Thinking About Books that Open Minds
I’ve never been as knowledgable about young adult/PG-13 literature as I’d like.
Although with a precocious, voracious 10 year old reader in the house, I’m learning.
I taught some PG-13 novels years ago to ninth and tenth graders and liked it, but I haven’t stayed with it which brings me to this post.
Ove the weekend, I discovered a new NPR series titled “PG-13: Risky Reads” in which authors talk about what the PG-13 novels- the almost adult- meant to their development.
The series moniker reads:
At 13, you crave the adult stuff — the drama, the relationships, the mind-blowing ideas — even if you’re not ready for adulthood. “PG-13″ presents authors discussing the books that transformed and matured their teenage minds.(NPR)
Wolitzer writing about Lisa, Bright and Dark states things more pointedly “Has a book you’ve read ever acted as a gateway to harsher, truer or more literary novels?”(NPR)

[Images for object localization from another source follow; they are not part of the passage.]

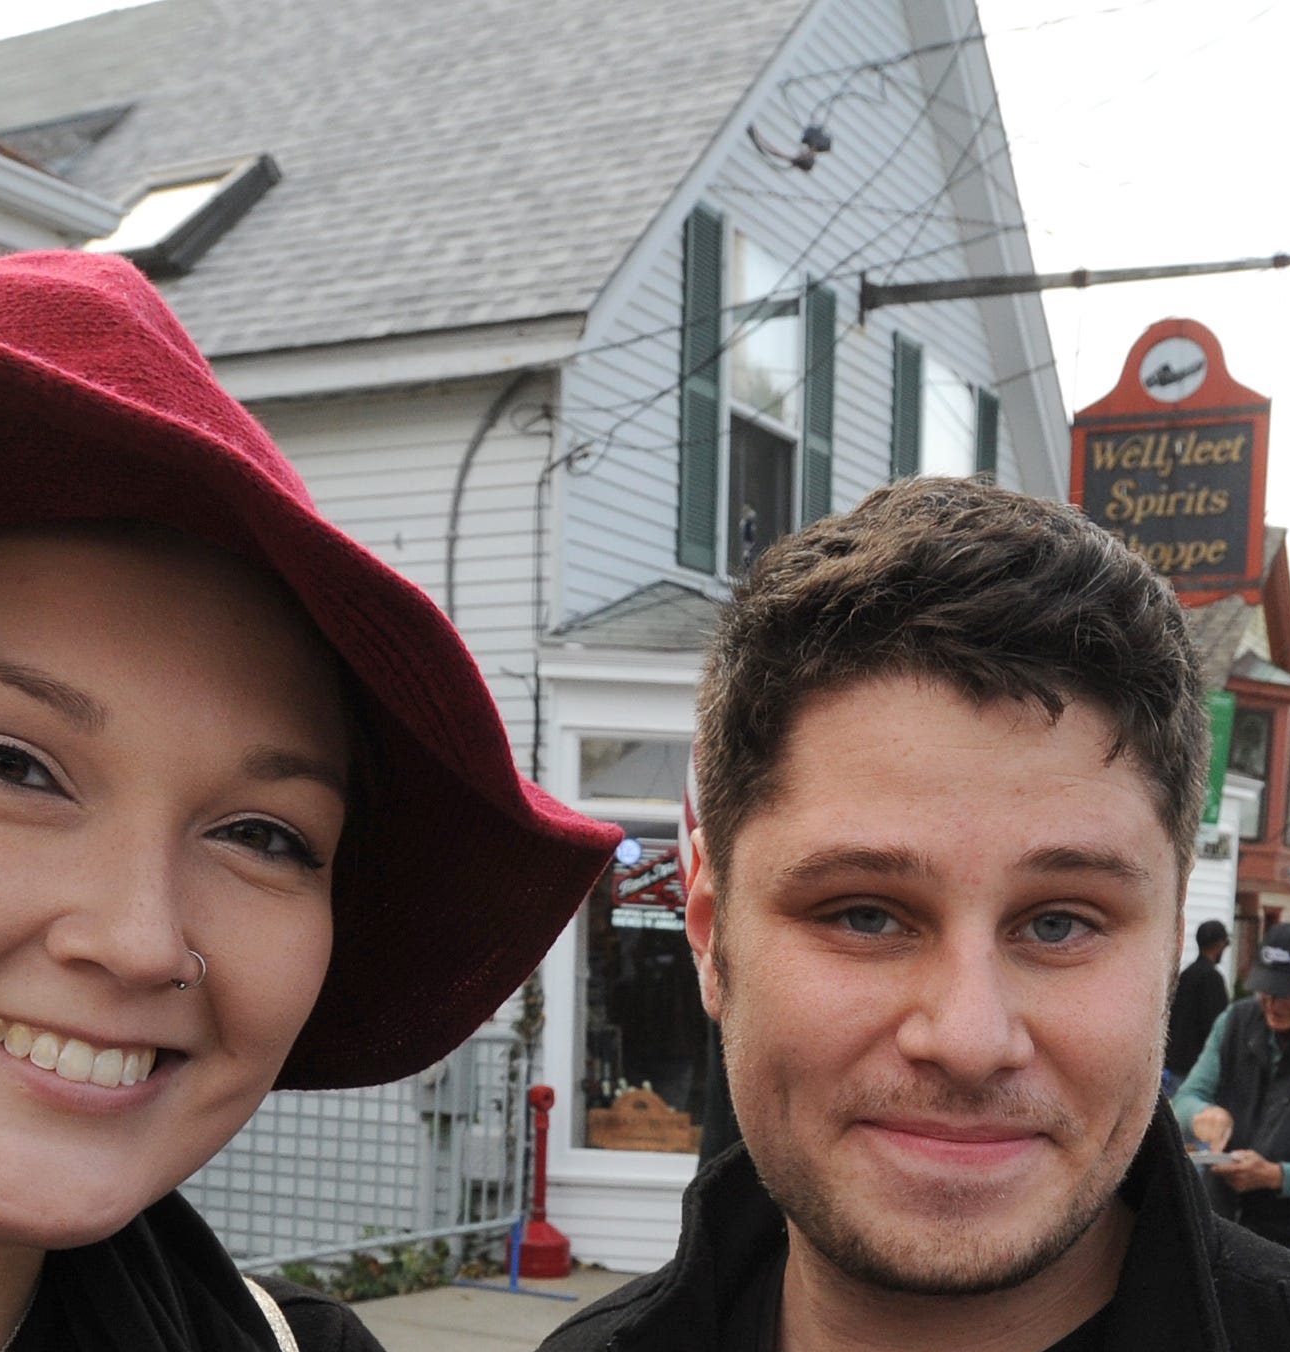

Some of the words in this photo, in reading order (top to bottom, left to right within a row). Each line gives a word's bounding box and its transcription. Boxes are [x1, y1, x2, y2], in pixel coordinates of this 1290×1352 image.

[1091, 431, 1245, 478] Wellfleet
[1105, 478, 1229, 525] Spirits
[1112, 529, 1228, 572] hoppe
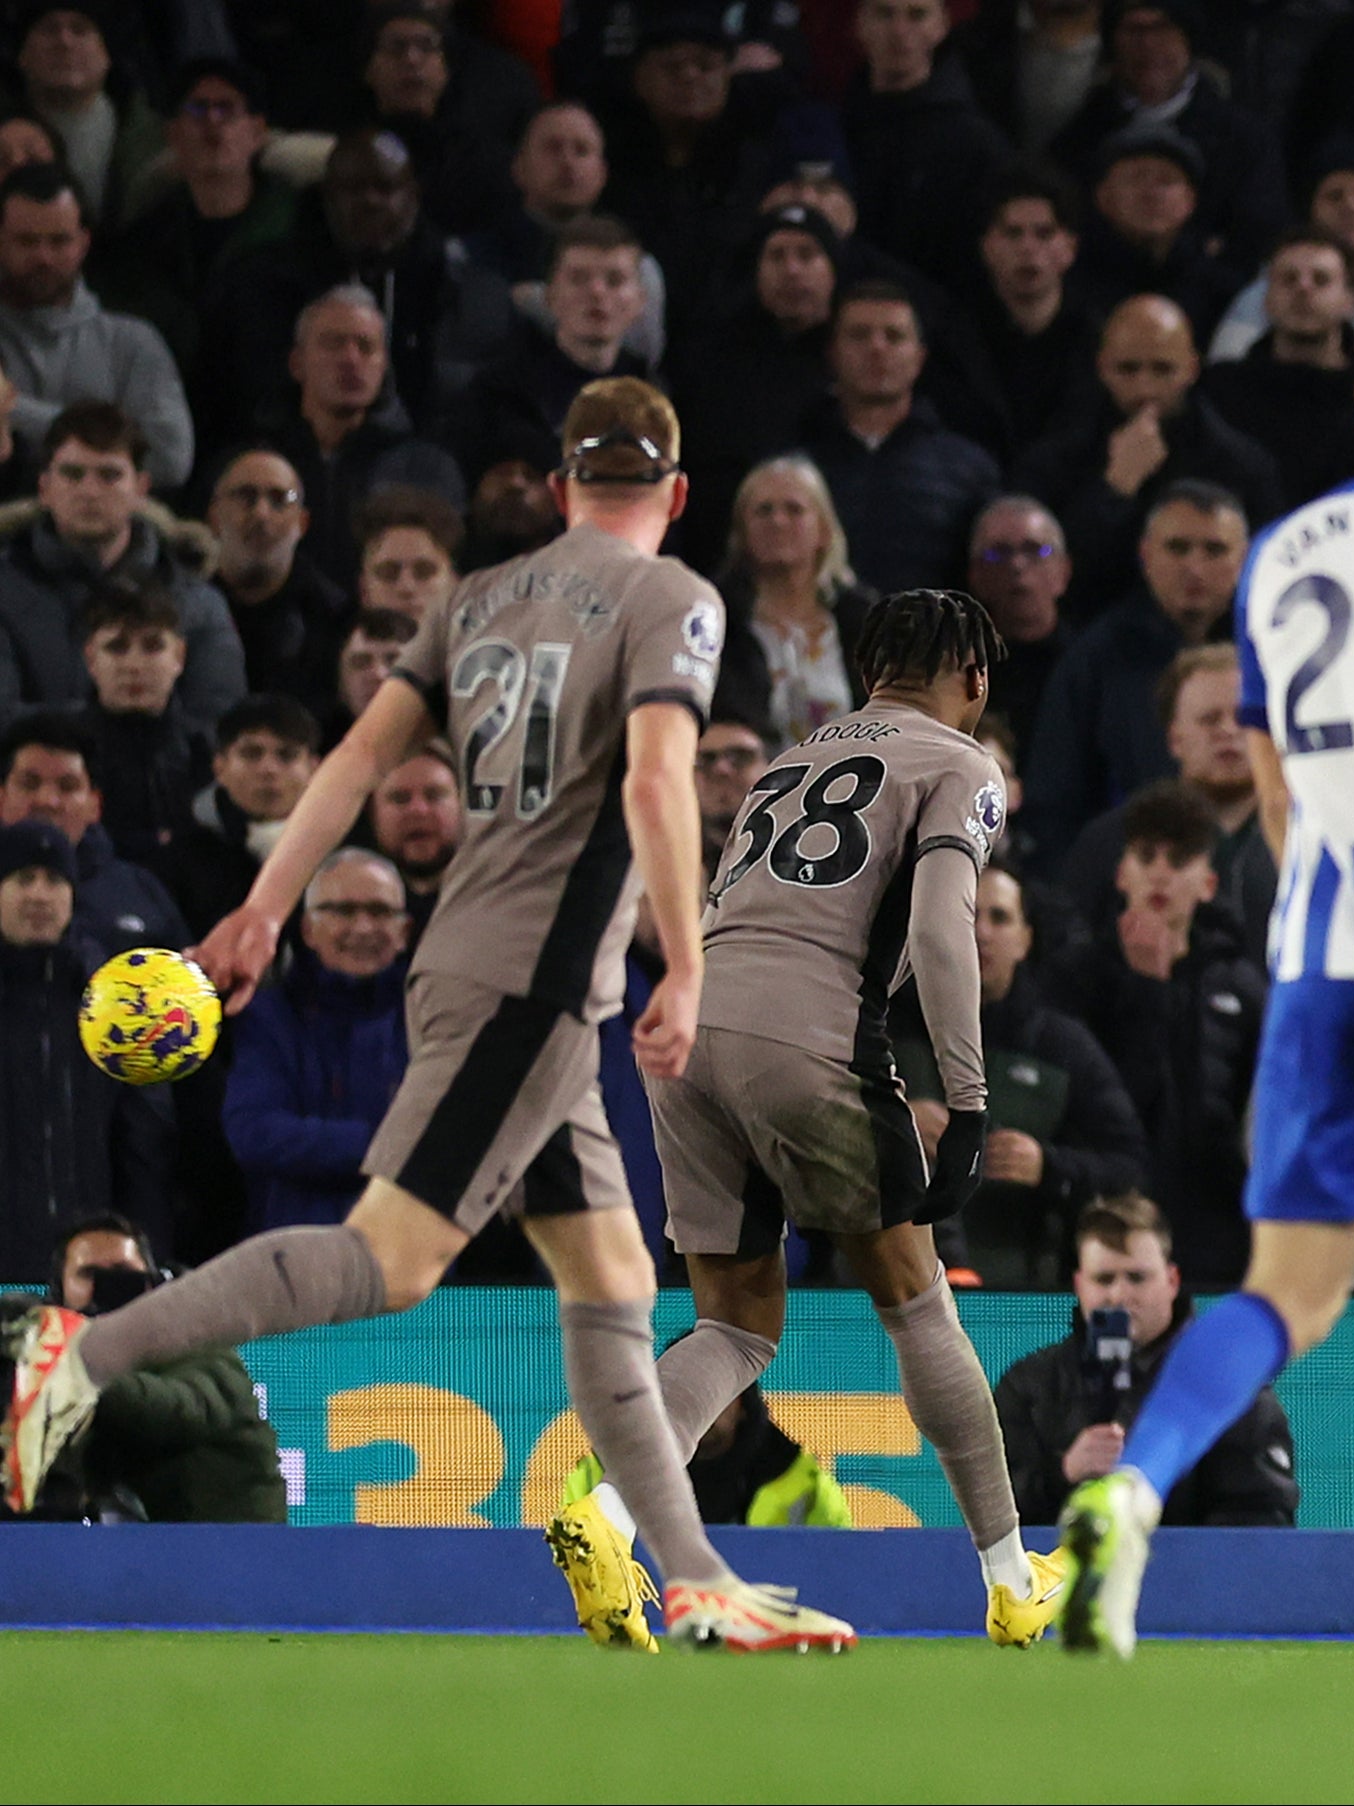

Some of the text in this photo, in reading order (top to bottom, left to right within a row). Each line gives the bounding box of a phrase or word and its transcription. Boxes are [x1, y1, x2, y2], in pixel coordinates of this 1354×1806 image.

[1277, 510, 1352, 568] VAN
[452, 636, 573, 821] 21
[708, 753, 887, 907] 38
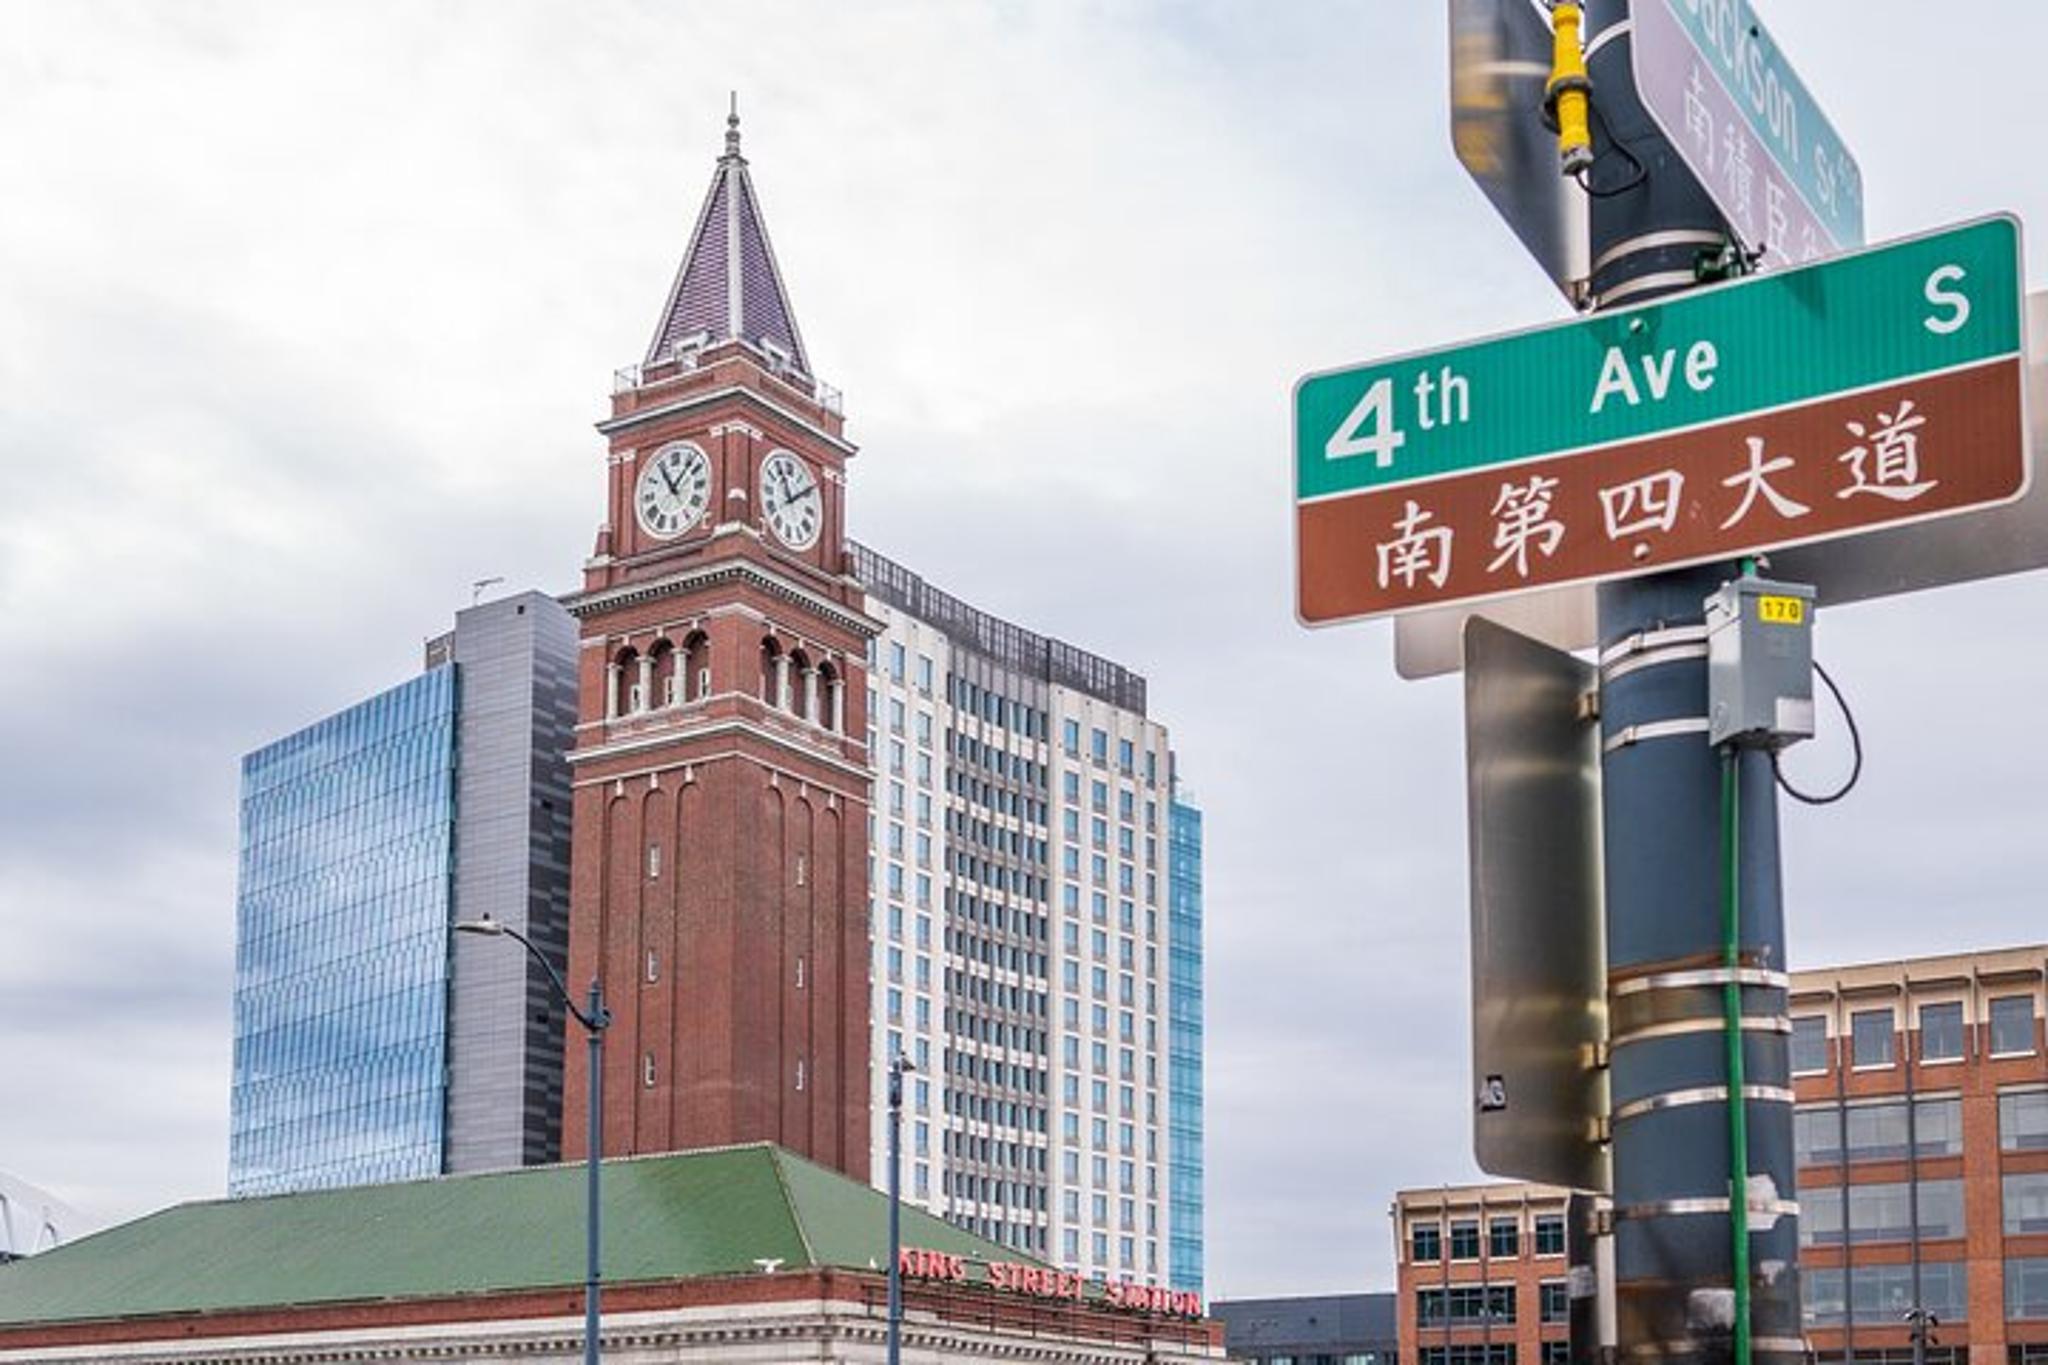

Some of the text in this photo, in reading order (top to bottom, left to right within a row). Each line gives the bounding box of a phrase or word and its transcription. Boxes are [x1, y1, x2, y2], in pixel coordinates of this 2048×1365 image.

As a new series, there are only four installments each with interesting personal connections, or affects, the work had on a future writer.
Meg Wolitzer reflects on John Neufield’s Lisa, Bright and Dark.
Jesmyn Ward and Jodi Picoult talk about Gone with the Wind.
Myla Goldberg looks back at Nevil Shute’s On the Beach.
Emily Danforth writes about Rita Mae Brown’s Rubyfruit Jungle.
Trying to coin a thread that ties the series together I’m going to borrow from Rita Mae Brown and add some. These are books that help growing, widening minds ask questions, begin to seek imperfect answers, and, here’s Brown help “you understand yourself better.”(NPR)
These are books that begin to help us ease into the grey areas that make-up adulthood. In that sentence, I think I just remembered why I liked teaching them.